Tout cela est lent, puisque le mouvement paysan a commencé en juin 2020, mais on comprend bien qu’il faut du temps pour ébranler un continent de 600 millions de paysans et plus d’un milliard d’habitants, avec 28 États, 8 territoires, aux 3 000 castes, aux très nombreuses formes de pratiques religieuses, aux milliers de tribus, aux traditions et expériences probablement encore plus variées que celles du continent européen.

Par ailleurs, si la détermination du soulèvement ne décline pas et exerce ainsi une énorme pression sur les dirigeants des organisations paysannes, celles-ci n’étaient pas conçues pour avoir une politique de renversement de Modi et du système capitaliste même si certains de ses membres ont personnellement cet objectif. Ainsi le mouvement avance par a-coups, par la logique sociale de la prolétarisation paysanne et de sa détermination en réponse aux attaques gouvernementales qui le poussent, à chaque offensive de Modi, à s’engager toujours plus loin sur le chemin de cette logique.

Aujourd’hui, nous en sommes à un moment où le soulèvement paysan qui bénéficie d’un très large soutien des classes populaires essaie de se transformer peu à peu en soulèvement de l’ensemble de ces mêmes classes populaires.

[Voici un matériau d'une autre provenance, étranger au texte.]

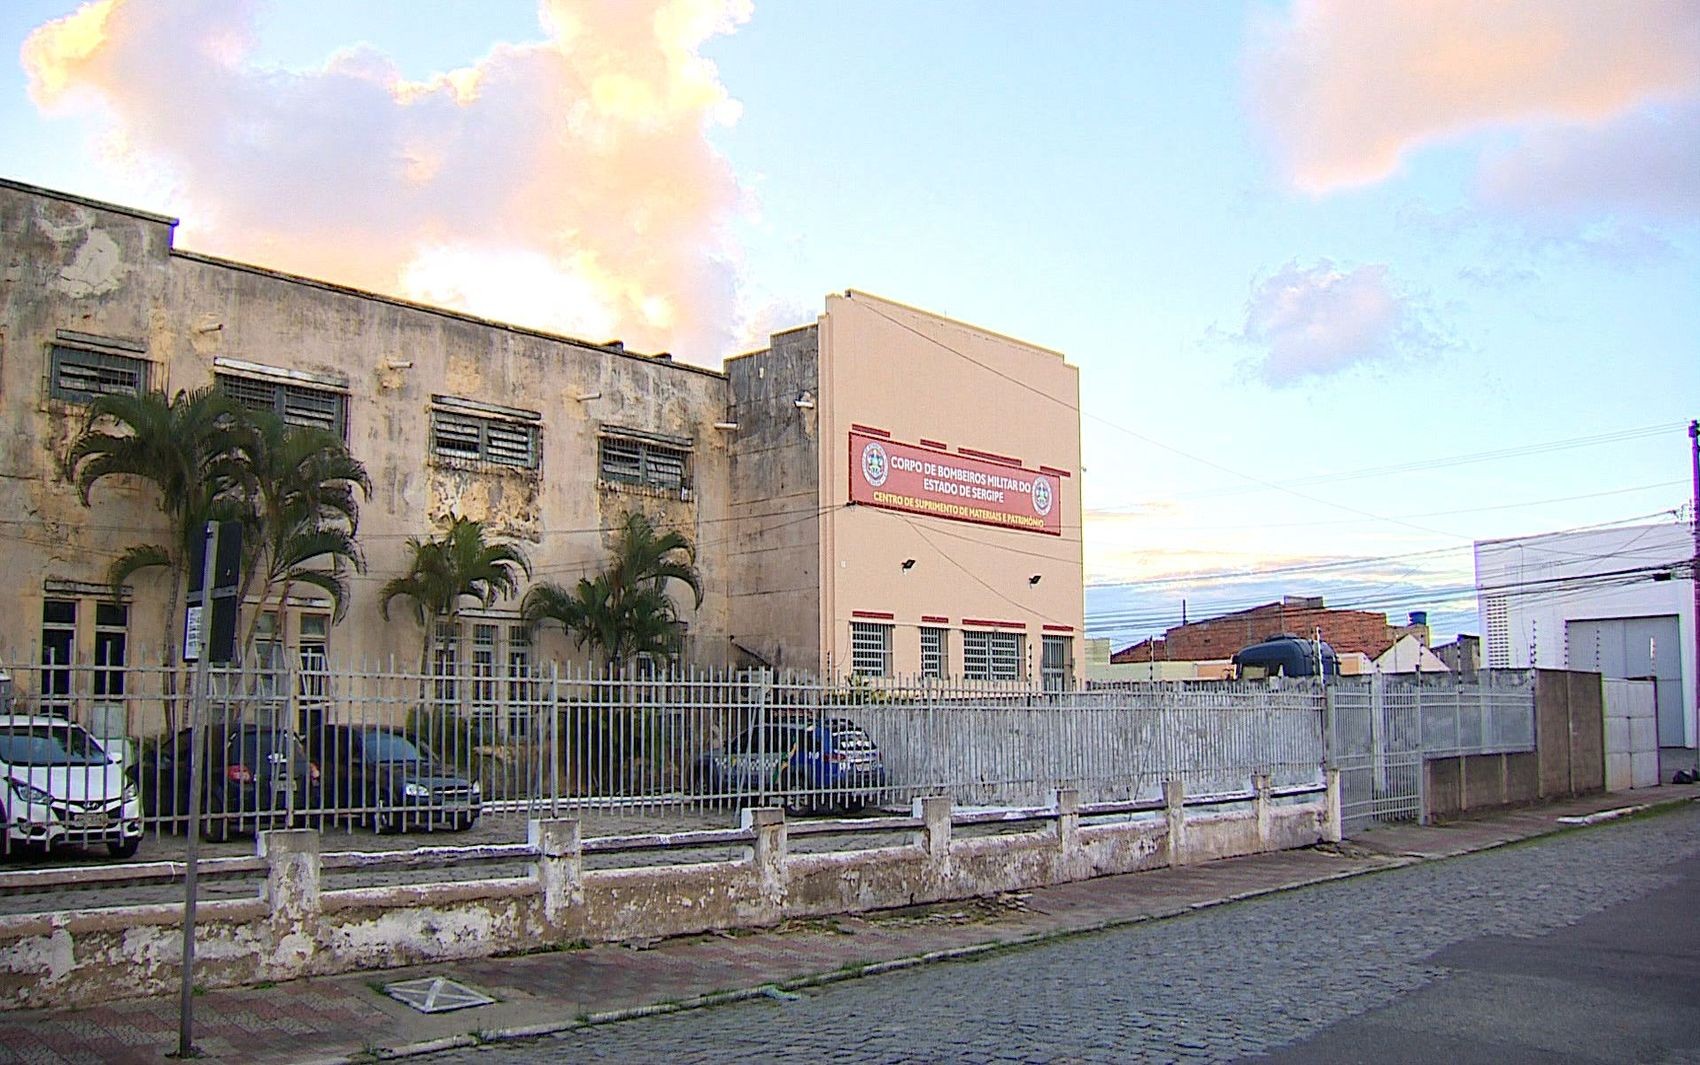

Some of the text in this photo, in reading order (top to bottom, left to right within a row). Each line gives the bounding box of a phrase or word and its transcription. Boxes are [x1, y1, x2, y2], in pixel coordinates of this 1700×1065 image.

[891, 456, 1031, 493] CORPO DE BOMBEIROS MILITAR DO
[923, 478, 1004, 503] ESTADO DE SERGIPE
[873, 491, 903, 505] CENTRO
[904, 496, 914, 507] DE
[914, 499, 959, 515] SUPRIMENTO
[959, 506, 969, 516] DE
[969, 508, 1002, 521] MATERIAIS
[1002, 513, 1007, 522] E

Cette évolution qui suppose une énorme transformation des consciences, au moins des plus avancées, a commencé le 26 novembre 2020.

LES ÉTAPES DE LA TRANSFORMATION RÉCENTE DES CONSCIENCES

Le 26 novembre 2020 les directions syndicales ouvrières appuyés par la première coordination paysanne, l’AIKSCC, née elle-même d’une première révolte en 2017, ont organisé une grève nationale d’un jour qui avait fait descendre 250 millions de travailleurs dans la rue.

En général, les directions syndicales ouvrières s’arrêtent là, un journée d’action puis rien avant l’année suivante.

Mais là, le soulèvement paysan a saisi l’occasion pour appeler aussitôt à renouveler cette grève générale la semaine d’après, le 8 décembre, voire continuer plus loin encore s’il y en avait la possibilité.

Lorsque cette seconde journée de lutte nationale du 8 décembre a été passée, le gouvernement a espéré une pause, mais non, ça a été le contraire, le soulèvement paysan a profité de cet élan pour appeler aussitôt à marcher sur New Delhi la capitale montrant ainsi sa détermination à lui-même et à toute la population. Il a cristallisé ce moment d’alliance et de débordement des directions syndicales ouvrières, dans l’apparition d’une nouvelle coordination paysanne, le SKM (Front Uni Paysan) qui anime encore aujourd’hui le soulèvement, en synchronisation avec l’AIKSCC.

Lorsque le gouvernement a alors bloqué cette marche aux portes de Delhi par une armée de policiers, ni une ni deux, le soulèvement paysan n’a pas reculé, mais a installé des campements de plusieurs centaines de milliers de paysans aux portes autoroutières de New Delhi qui sont devenus le foyer de rencontre de tous les secteurs et professions en opposition à Modi et au système, le creuset organisateur de la convergence de toutes les luttes, ouvrant le soulèvement paysan, par ces lieux fréquentés de toutes les oppositions au régime, à toutes les questions sociétales, religions, castes, femmes, tribus, Intouchables, jeunes, écologie….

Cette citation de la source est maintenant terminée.